Another way is to have always the availability of work in a nonprofit, in community service. A third is to start giving people training to develop skills where they can be self-supporting. You could come up with a cash supplement. Even conservatives have suggested a negative income tax to cut out the bureaucracy. If we were smart, we’d get rid of welfare and give people a family assistance like they do in Europe…

The problem isn’t even a problem. Automation and technology would be a great boon if it were creative, if there were more leisure, more opportunity to engage in raising a family, providing guidance to the young, all the stuff we say we need. America will work if we’re all in it together. It’ll work when there’s a shared sense of destiny. It can be done! It’s all there! What isn’t there is the leadership to create the kind of social network, the safety net, the distribution that would truly create a just and equal society…

We have to restore power to the family, to the neighborhood, and the community with a non-market principle, a principle of equality, of charity, of let’s-take-care-of-one-another.
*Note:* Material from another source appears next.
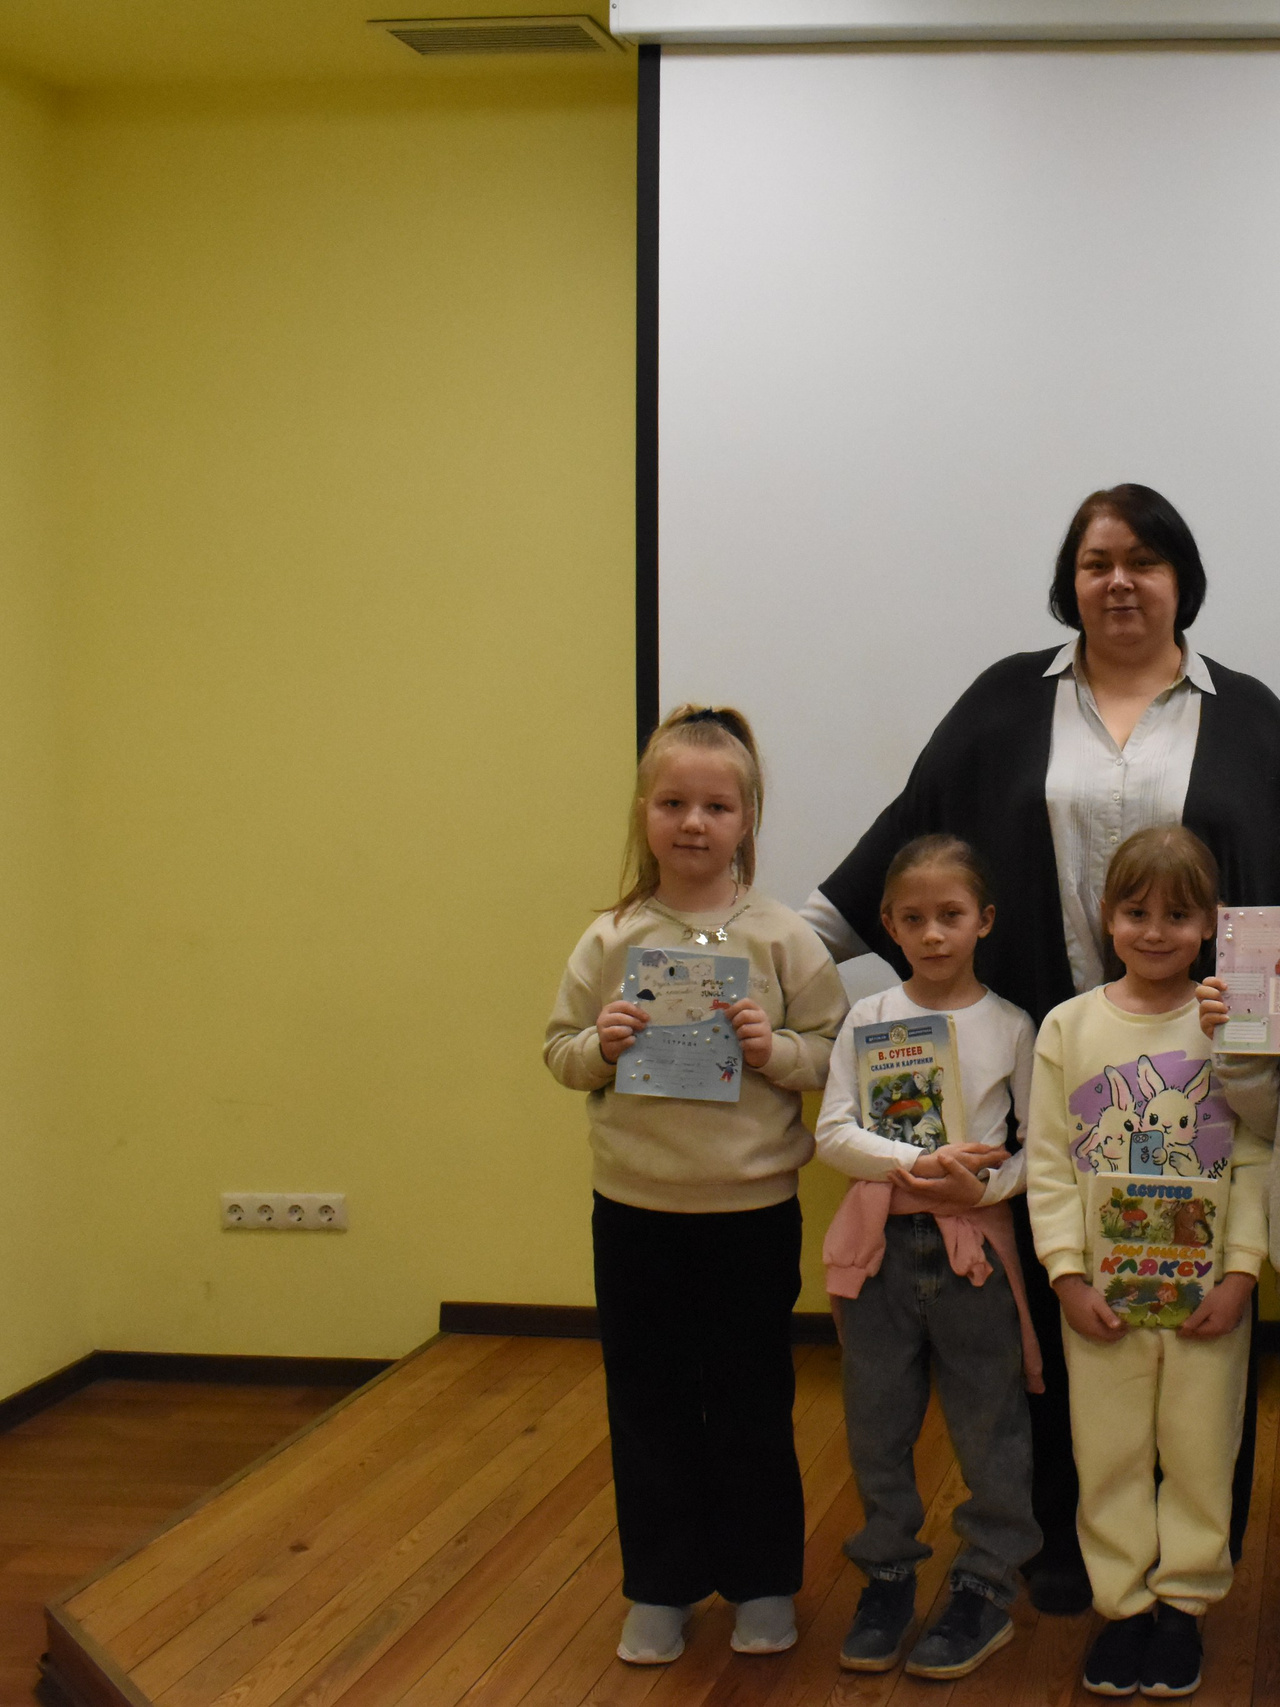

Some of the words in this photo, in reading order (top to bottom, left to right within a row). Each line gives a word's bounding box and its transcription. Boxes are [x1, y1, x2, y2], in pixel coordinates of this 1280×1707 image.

That’s the creative challenge. First, expose relentlessly the big lie that comes over the tube every night-that if you just go out and find that job, and work harder, it’ll all be fine. It won’t! There’s not enough work to go around and a lot of the pay is not fair. Unless you totally yank up that system and create a better one, unless the spirit changes, unless the heart opens, unless we confront power with the truth of our own unarmed but absolute fearless truth, we’re not going to overcome it. Evil is too embedded to be overcome by anything other than a spiritual challenge.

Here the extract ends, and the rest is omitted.